§ **Your instructions**:
Word for word, please restate each record and pass over the pictures.

BEGIN

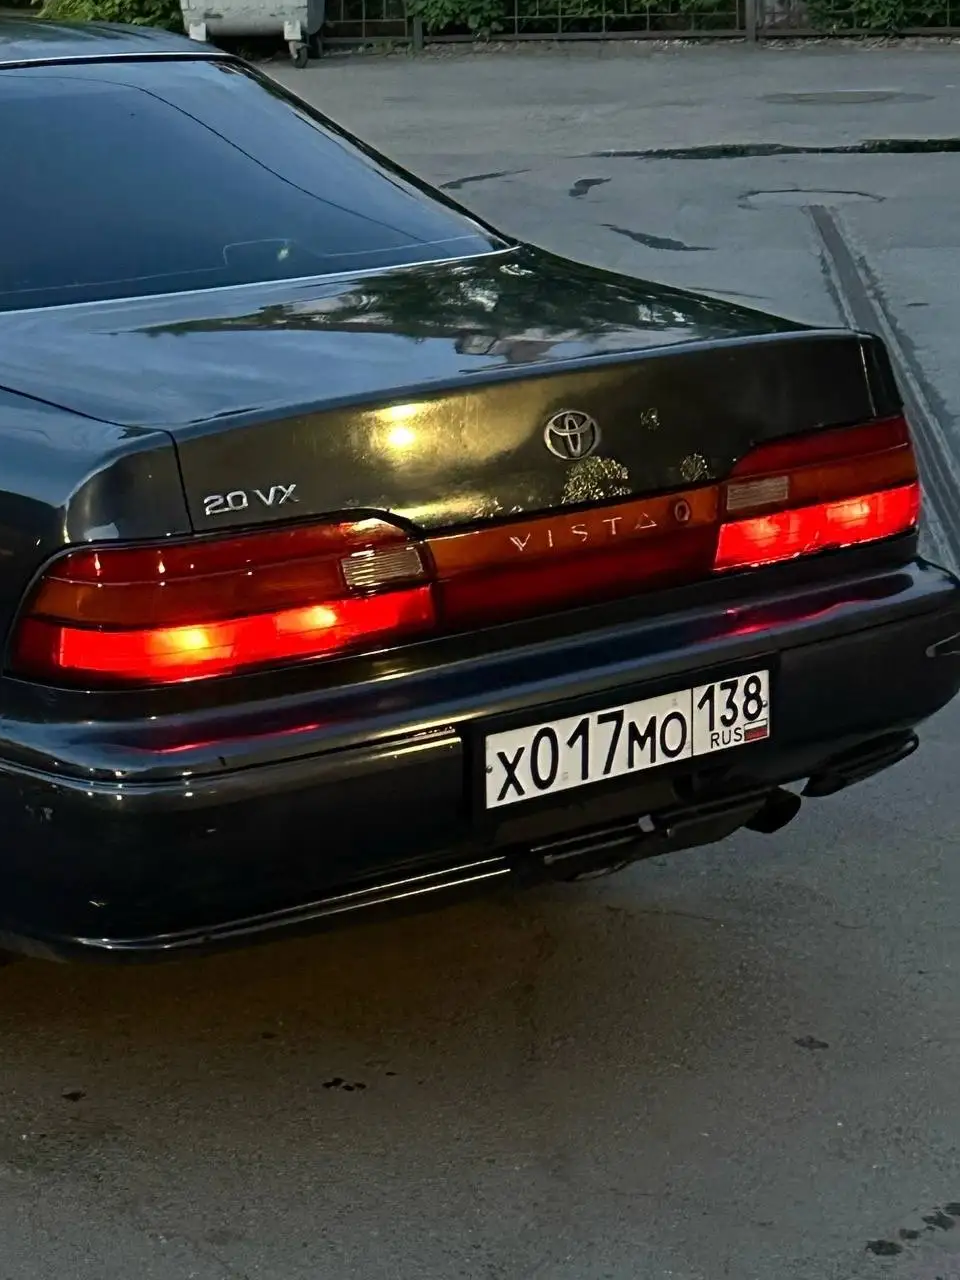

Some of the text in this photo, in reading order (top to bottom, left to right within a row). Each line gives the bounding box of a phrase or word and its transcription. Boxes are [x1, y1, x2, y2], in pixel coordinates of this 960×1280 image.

[203, 484, 299, 516] 20 VX
[509, 513, 657, 552] VISTA
[697, 675, 762, 731] 138
[711, 728, 742, 749] RUS

END

§ **Solution**:
Some of the text in this photo, in reading order (top to bottom, left to right within a row). Each line gives the bounding box of a phrase or word and its transcription. Boxes are [x1, y1, x2, y2], in pixel coordinates of this 960×1280 image.

[203, 484, 299, 516] 20 VX
[509, 513, 657, 552] VISTA
[697, 675, 762, 731] 138
[711, 728, 742, 749] RUS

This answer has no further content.